We recommend that you check member eligibility each and every time a member presents for services, as member eligibility can fluctuate. Changes in health status such as certain medical conditions may also cause changes in plan eligibility and coverage status.
You can easily verify member eligibility by accessing the Provider Portal or through an eligible Electronic Data Interchange (EDI) clearinghouse.
Member ID Card
The CareSource® Dual Advantage™ (HMO SNP) ID cards display member copays for office visits. The member ID number must be included when billing for services to avoid claim rejection.
When you check eligibility on the Provider Portal, you can also determine if a member has granted consent to share sensitive health information (SHI). SHI is a subset of protected health information (PHI) which may require consent from the individual in order to be shared with others.
When a member has a sensitive health diagnosis (e.g., treatment for drug/alcohol use, genetic testing, HIV/AIDS, mental health or sexually transmitted diseases), you should verify if the patient has granted consent to share health information. On the Provider Portal, a message displays on the Member Eligibility page if the member has not consented to sharing sensitive health information.

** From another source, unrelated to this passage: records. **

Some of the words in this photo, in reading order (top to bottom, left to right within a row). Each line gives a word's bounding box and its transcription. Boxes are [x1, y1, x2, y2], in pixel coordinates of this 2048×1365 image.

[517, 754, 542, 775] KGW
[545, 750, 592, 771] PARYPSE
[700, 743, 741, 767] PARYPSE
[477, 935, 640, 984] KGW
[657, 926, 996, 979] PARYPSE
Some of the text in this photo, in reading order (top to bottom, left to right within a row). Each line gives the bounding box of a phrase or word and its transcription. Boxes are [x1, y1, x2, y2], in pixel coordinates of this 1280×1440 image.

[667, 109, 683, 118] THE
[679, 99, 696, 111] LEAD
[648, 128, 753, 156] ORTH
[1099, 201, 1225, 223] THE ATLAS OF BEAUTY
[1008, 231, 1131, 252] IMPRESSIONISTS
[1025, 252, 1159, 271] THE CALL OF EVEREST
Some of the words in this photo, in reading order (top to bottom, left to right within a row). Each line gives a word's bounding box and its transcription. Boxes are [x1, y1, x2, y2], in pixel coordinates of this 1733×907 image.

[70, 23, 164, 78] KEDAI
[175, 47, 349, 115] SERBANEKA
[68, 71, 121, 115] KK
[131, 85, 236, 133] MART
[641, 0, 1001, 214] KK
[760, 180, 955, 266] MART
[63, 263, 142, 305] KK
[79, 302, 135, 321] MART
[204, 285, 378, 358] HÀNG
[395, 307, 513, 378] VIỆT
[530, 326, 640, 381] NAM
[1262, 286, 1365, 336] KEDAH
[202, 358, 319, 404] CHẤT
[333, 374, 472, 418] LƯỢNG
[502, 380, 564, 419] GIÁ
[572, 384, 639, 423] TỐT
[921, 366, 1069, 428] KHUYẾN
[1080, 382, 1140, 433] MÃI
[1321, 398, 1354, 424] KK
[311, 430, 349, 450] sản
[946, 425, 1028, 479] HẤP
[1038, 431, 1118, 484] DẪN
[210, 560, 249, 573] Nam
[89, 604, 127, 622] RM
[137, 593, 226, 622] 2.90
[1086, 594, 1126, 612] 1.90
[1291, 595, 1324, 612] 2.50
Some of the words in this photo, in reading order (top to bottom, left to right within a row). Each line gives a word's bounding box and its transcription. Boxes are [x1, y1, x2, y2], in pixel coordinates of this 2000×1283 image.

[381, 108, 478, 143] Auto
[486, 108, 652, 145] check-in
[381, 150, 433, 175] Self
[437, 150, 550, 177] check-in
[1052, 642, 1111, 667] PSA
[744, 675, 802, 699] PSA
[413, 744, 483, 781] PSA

Please encourage CareSource members who have not consented to complete the Member Consent/HIPAA Authorization Form (coming soon) so that all providers involved in their care can effectively coordinate their care. This form is located on the member Forms page.
The Member Consent/HIPAA Authorization Form can also be used to designate a person to speak on the member’s behalf. This designated representative can be a relative, a friend, a physician, an attorney or some other person that the member specifies.